__What the task asks__:
Each entry below has to be written out again exactly.

__Given data__:
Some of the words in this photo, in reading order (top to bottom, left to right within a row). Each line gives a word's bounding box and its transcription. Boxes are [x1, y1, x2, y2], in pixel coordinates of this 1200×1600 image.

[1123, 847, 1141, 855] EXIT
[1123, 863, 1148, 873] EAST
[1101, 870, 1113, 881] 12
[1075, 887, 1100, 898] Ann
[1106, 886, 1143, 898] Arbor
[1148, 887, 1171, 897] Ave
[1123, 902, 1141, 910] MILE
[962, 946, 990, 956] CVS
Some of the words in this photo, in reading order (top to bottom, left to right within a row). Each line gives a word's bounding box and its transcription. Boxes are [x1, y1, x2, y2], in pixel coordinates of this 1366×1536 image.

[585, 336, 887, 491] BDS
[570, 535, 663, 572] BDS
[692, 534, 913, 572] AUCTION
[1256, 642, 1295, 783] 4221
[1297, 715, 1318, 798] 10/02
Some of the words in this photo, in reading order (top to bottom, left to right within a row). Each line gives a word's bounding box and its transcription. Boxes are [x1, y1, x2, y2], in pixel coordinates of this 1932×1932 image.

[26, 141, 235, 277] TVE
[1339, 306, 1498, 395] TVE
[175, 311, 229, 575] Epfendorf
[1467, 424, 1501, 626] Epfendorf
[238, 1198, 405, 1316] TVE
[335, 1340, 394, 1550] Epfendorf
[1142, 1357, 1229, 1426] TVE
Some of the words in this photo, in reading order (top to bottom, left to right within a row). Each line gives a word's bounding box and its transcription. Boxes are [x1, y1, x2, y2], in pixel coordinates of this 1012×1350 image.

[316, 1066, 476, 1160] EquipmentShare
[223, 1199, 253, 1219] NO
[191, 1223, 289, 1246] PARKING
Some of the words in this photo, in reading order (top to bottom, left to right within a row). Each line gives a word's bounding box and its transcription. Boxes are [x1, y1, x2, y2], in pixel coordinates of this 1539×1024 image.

__Response for this exercise__:
Some of the words in this photo, in reading order (top to bottom, left to right within a row). Each line gives a word's bounding box and its transcription. Boxes are [x1, y1, x2, y2], in pixel coordinates of this 1200×1600 image.

[1123, 847, 1141, 855] EXIT
[1123, 863, 1148, 873] EAST
[1101, 870, 1113, 881] 12
[1075, 887, 1100, 898] Ann
[1106, 886, 1143, 898] Arbor
[1148, 887, 1171, 897] Ave
[1123, 902, 1141, 910] MILE
[962, 946, 990, 956] CVS
Some of the words in this photo, in reading order (top to bottom, left to right within a row). Each line gives a word's bounding box and its transcription. Boxes are [x1, y1, x2, y2], in pixel coordinates of this 1366×1536 image.

[585, 336, 887, 491] BDS
[570, 535, 663, 572] BDS
[692, 534, 913, 572] AUCTION
[1256, 642, 1295, 783] 4221
[1297, 715, 1318, 798] 10/02
Some of the words in this photo, in reading order (top to bottom, left to right within a row). Each line gives a word's bounding box and its transcription. Boxes are [x1, y1, x2, y2], in pixel coordinates of this 1932×1932 image.

[26, 141, 235, 277] TVE
[1339, 306, 1498, 395] TVE
[175, 311, 229, 575] Epfendorf
[1467, 424, 1501, 626] Epfendorf
[238, 1198, 405, 1316] TVE
[335, 1340, 394, 1550] Epfendorf
[1142, 1357, 1229, 1426] TVE
Some of the words in this photo, in reading order (top to bottom, left to right within a row). Each line gives a word's bounding box and its transcription. Boxes are [x1, y1, x2, y2], in pixel coordinates of this 1012×1350 image.

[316, 1066, 476, 1160] EquipmentShare
[223, 1199, 253, 1219] NO
[191, 1223, 289, 1246] PARKING
Some of the words in this photo, in reading order (top to bottom, left to right within a row). Each line gives a word's bounding box and its transcription. Boxes are [x1, y1, x2, y2], in pixel coordinates of this 1539×1024 image.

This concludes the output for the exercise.